While reinforcement learning policies are often optimal in terms of population-level average performance, they may inflict unacceptable harm on individual agents. To address this issue, this work formally introduces a notion of individual harm from a counterfactual perspective and proposes a two-stage reinforcement learning framework that simultaneously maximizes expected return and controls the risk of individual harm. Theoretical analysis demonstrates that the proposed method guarantees a controllable harm rate under finite-sample settings and establishes a tight upper bound on policy suboptimality. Empirical evaluations on both synthetic and real-world datasets confirm the framework’s ability to effectively balance overall utility against individual safety.

Reinforcement learning algorithms are generally designed to maximize the expected return across a population. However, a policy that is optimal on average may be suboptimal for certain individuals, leading to potential safety concerns.
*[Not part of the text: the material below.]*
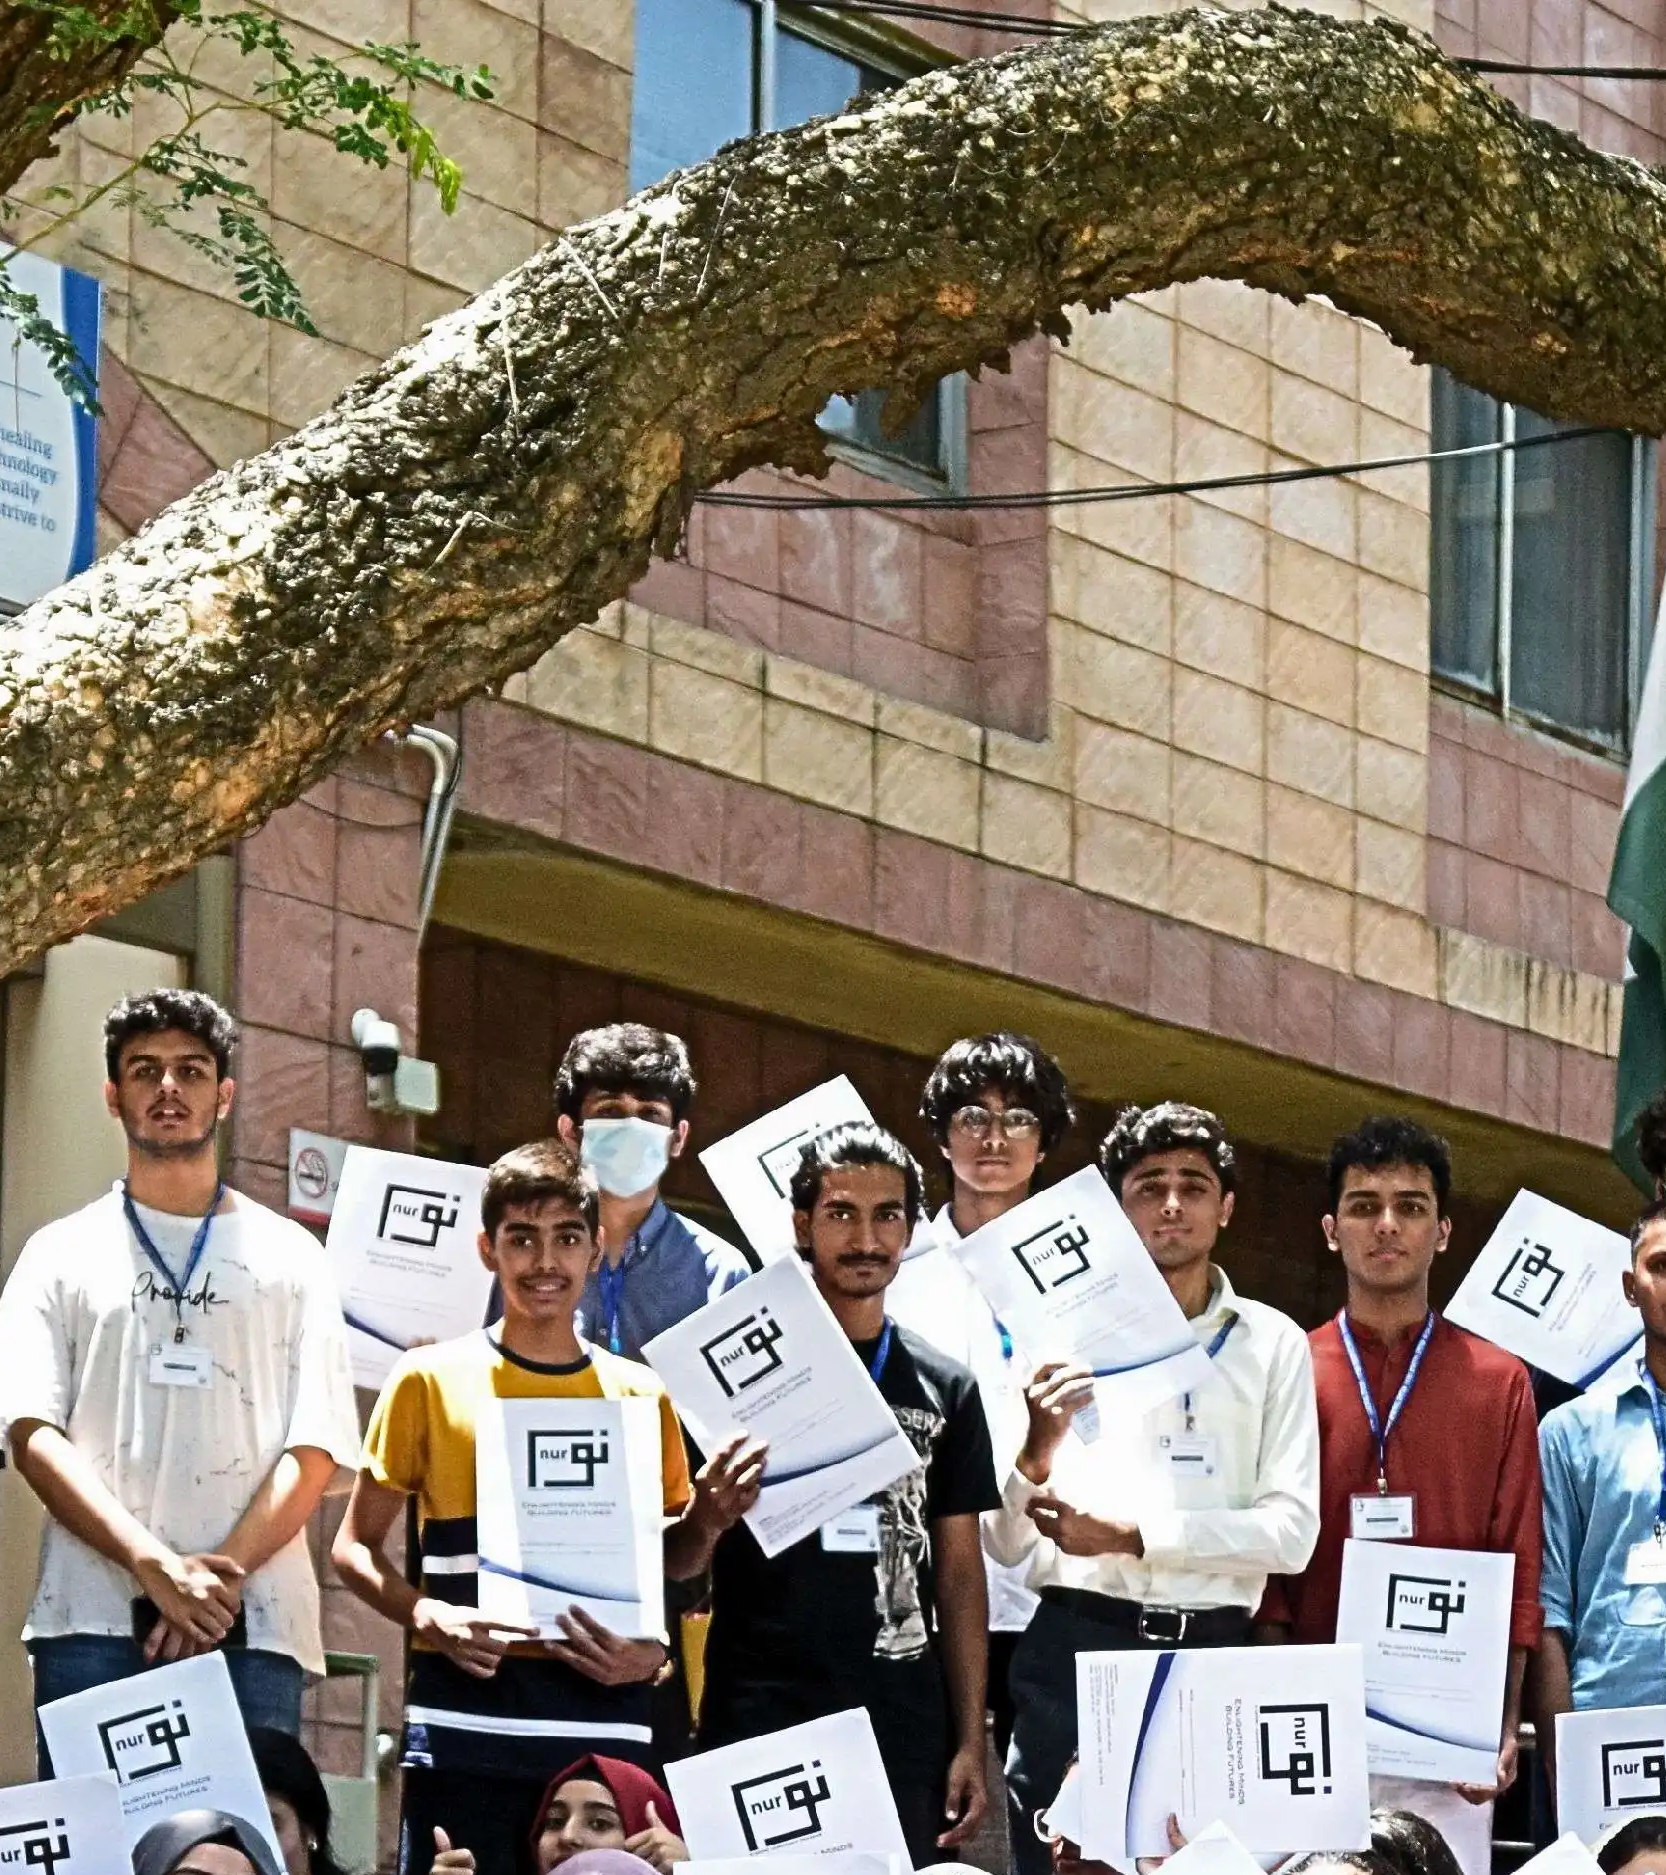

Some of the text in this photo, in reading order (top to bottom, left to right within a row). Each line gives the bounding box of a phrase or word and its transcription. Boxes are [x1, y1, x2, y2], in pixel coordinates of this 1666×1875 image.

To address this, we first formalize the notion of individual harm from a counterfactual perspective and define harm as the event in which a chosen action results in a strictly worse outcome than a baseline alternative. We then propose a general two-stage procedure for learning policies that maximize the expected return while accounting for individual harm. We further establish the finite-sample properties of the learned policy, derive an upper bound on its sub-optimality gap, and show that the harm rate remains well-controlled. Numerical experiments on both simulated and real-world datasets demonstrate the effectiveness of the proposed approach.